The Signal

A mysterious broadcast is turning everyone who sees or hears it into bloodthirsty lunatics. Since that's everyone who doesn't live in a cave, this twisted low-budget shocker gets interesting awfully fast--but doesn't always stay that way.

By Alex Markerson Feb 22, 2008 5:00 PMTags
The SignalMagnolia Pictures

Review in a Hurry:  A mysterious broadcast is turning everyone who sees or hears it into bloodthirsty lunatics. Since that's everyone who doesn't live in a cave, this twisted low-budget shocker gets interesting awfully fast—but doesn't always stay that way.

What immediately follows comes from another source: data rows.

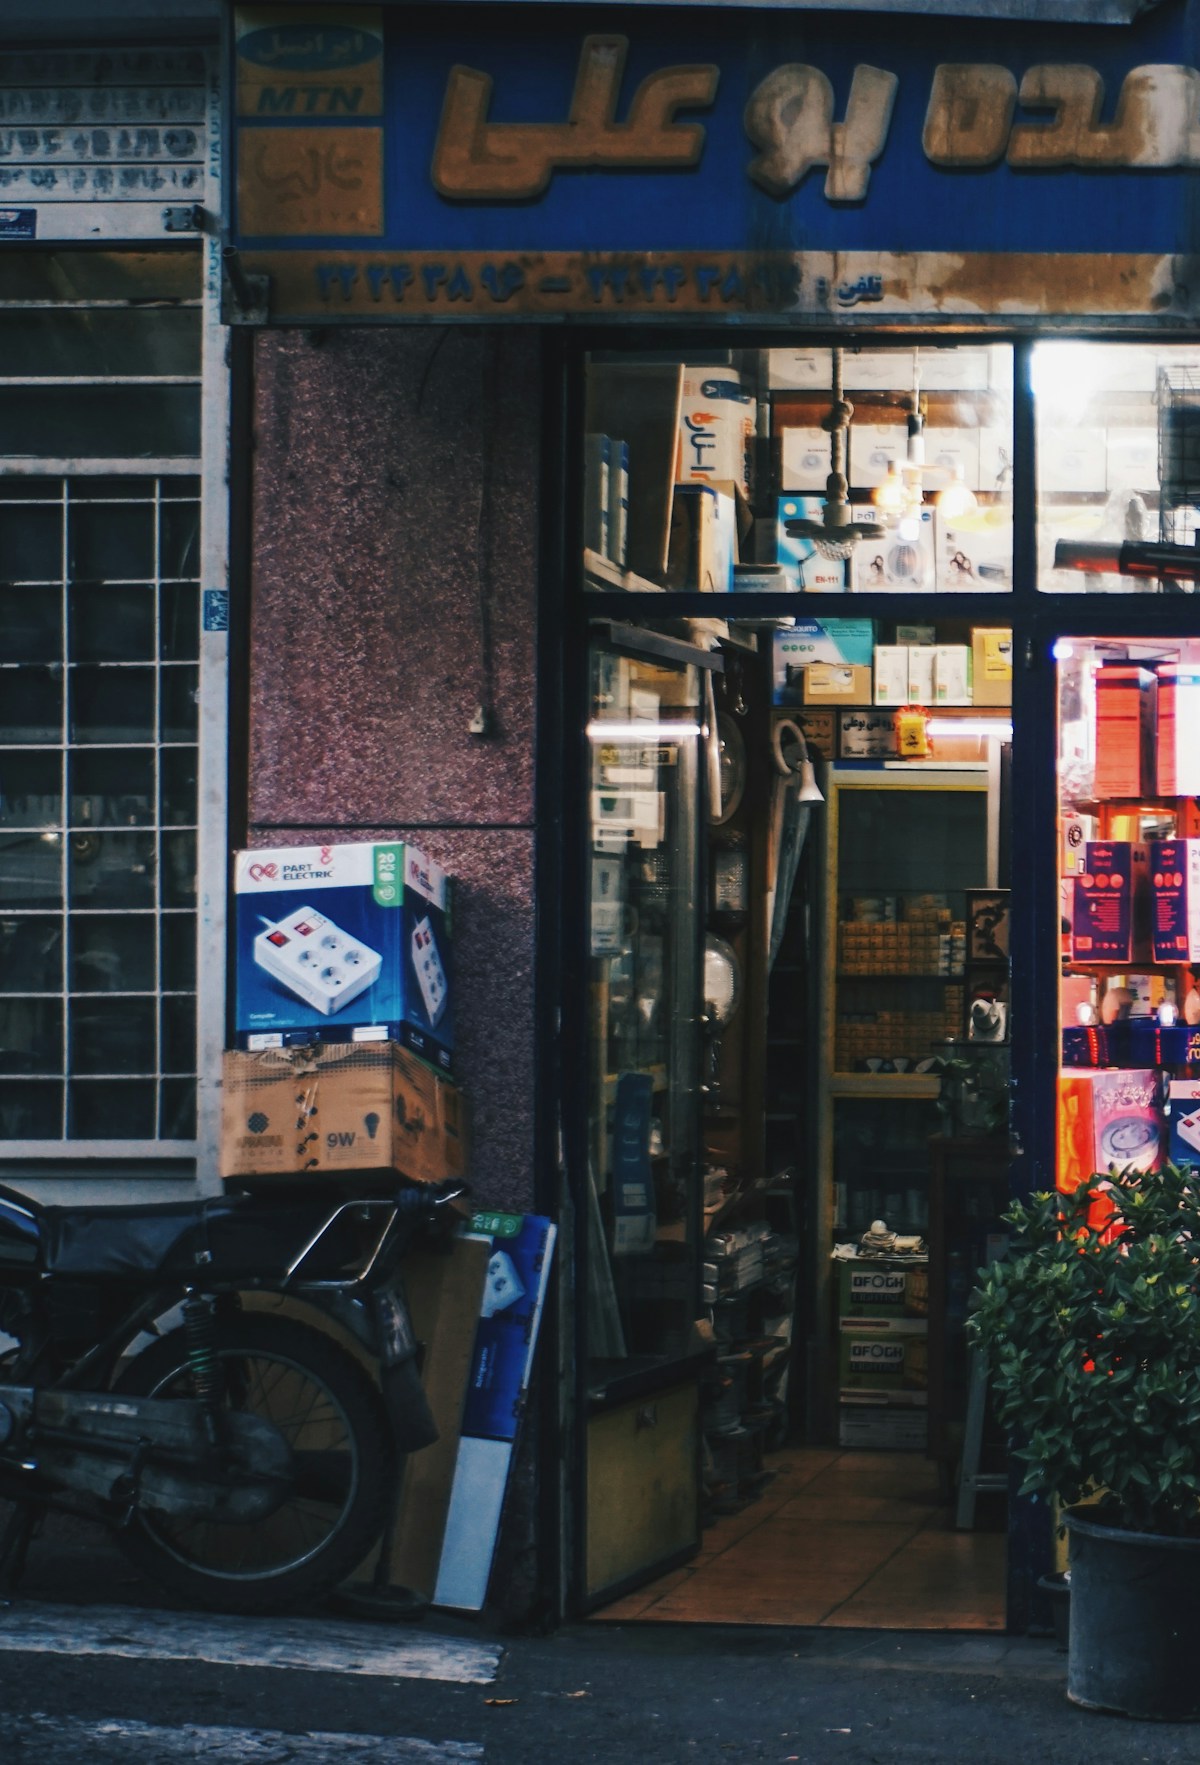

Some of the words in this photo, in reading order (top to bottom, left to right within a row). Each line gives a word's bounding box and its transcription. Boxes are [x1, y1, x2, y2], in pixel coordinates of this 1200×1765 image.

[257, 87, 363, 112] MTN
[432, 34, 720, 201] علی
[838, 274, 884, 306] تلفن
[283, 864, 315, 874] PART
[283, 870, 334, 881] ELECTRIC
[327, 1132, 355, 1147] 9W
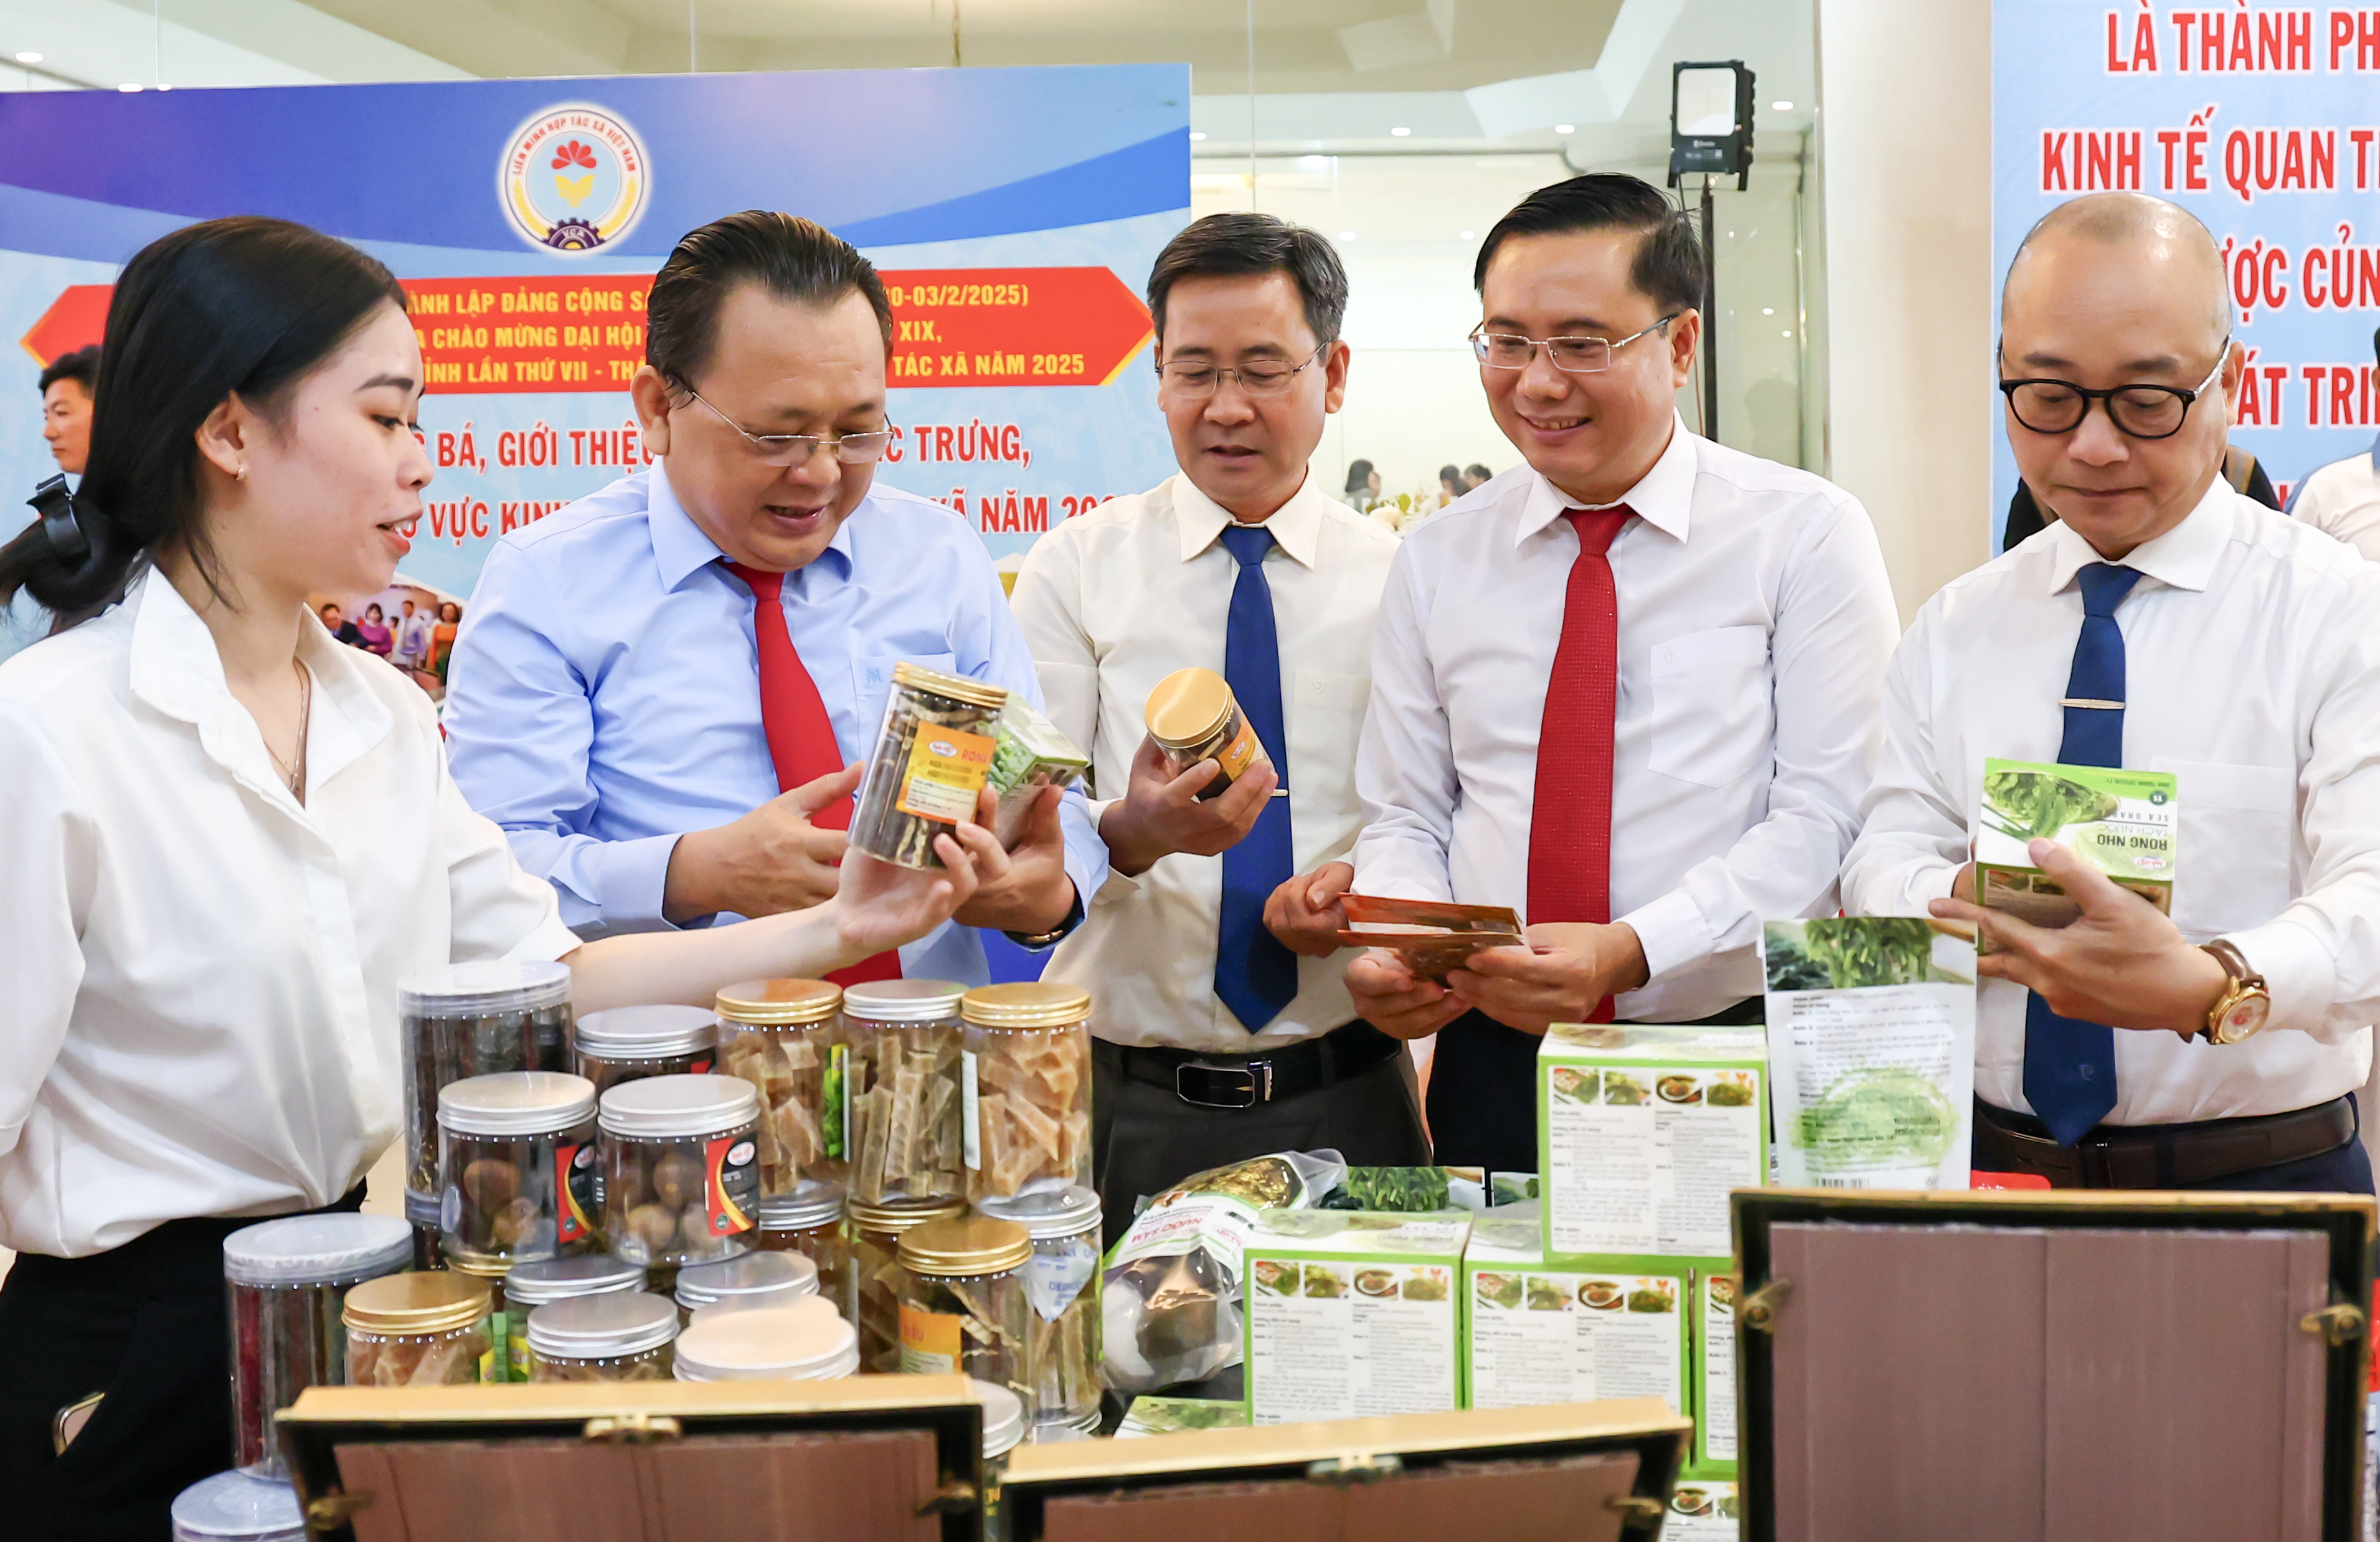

The Bigger Picture:  It's neither a compliment nor an insult to call The Signal schizophrenic—that's just how it is. This smart-zombie apocalypse tale (affected people reason, speak and use tools—just very, very wrongly) is a single story told from three interleaved perspectives, with segments by three different writer/directors and vibes that lurch drunkenly from stoner comedy to high-strung horror.

The Signal is thus a hit-or-miss proposition, a chaotic experience that takes some time to sort out. To its credit, however, the hits linger longer than the misses. The opening segment—a view of the moment when things fall apart through the eyes of a woman who's not having the best day anyway—is a great tone setter, the tension ratcheting ever upward with every scene.

It's a bit jarring when that tension is instantly jettisoned in the second segment, but the giddy paranoia that ensues—a New Year's party that's like a demented Cheech and Chong farce starring bugged-out psychos with knives—feels so true to the kind of insanity The Signal is selling that it's impossible to ignore.

This scene is intense enough that you might want to leave when it's over. And maybe you should, since the closing bit can't match the buildup, and the film wears on you a bit by that point anyway. Like the titular broadcast, prolonged exposure could be enough to make you a little crazy.

The 180—a Second Opinion:  This isn't for everyone. The Signal wears its microbudget on its grainy, shaky digital sleeve, clumsy cutaways are often substituted for shots the directors would clearly rather have gotten, and the synth score is possibly more irritating than the broadcast that's driving everyone nuts.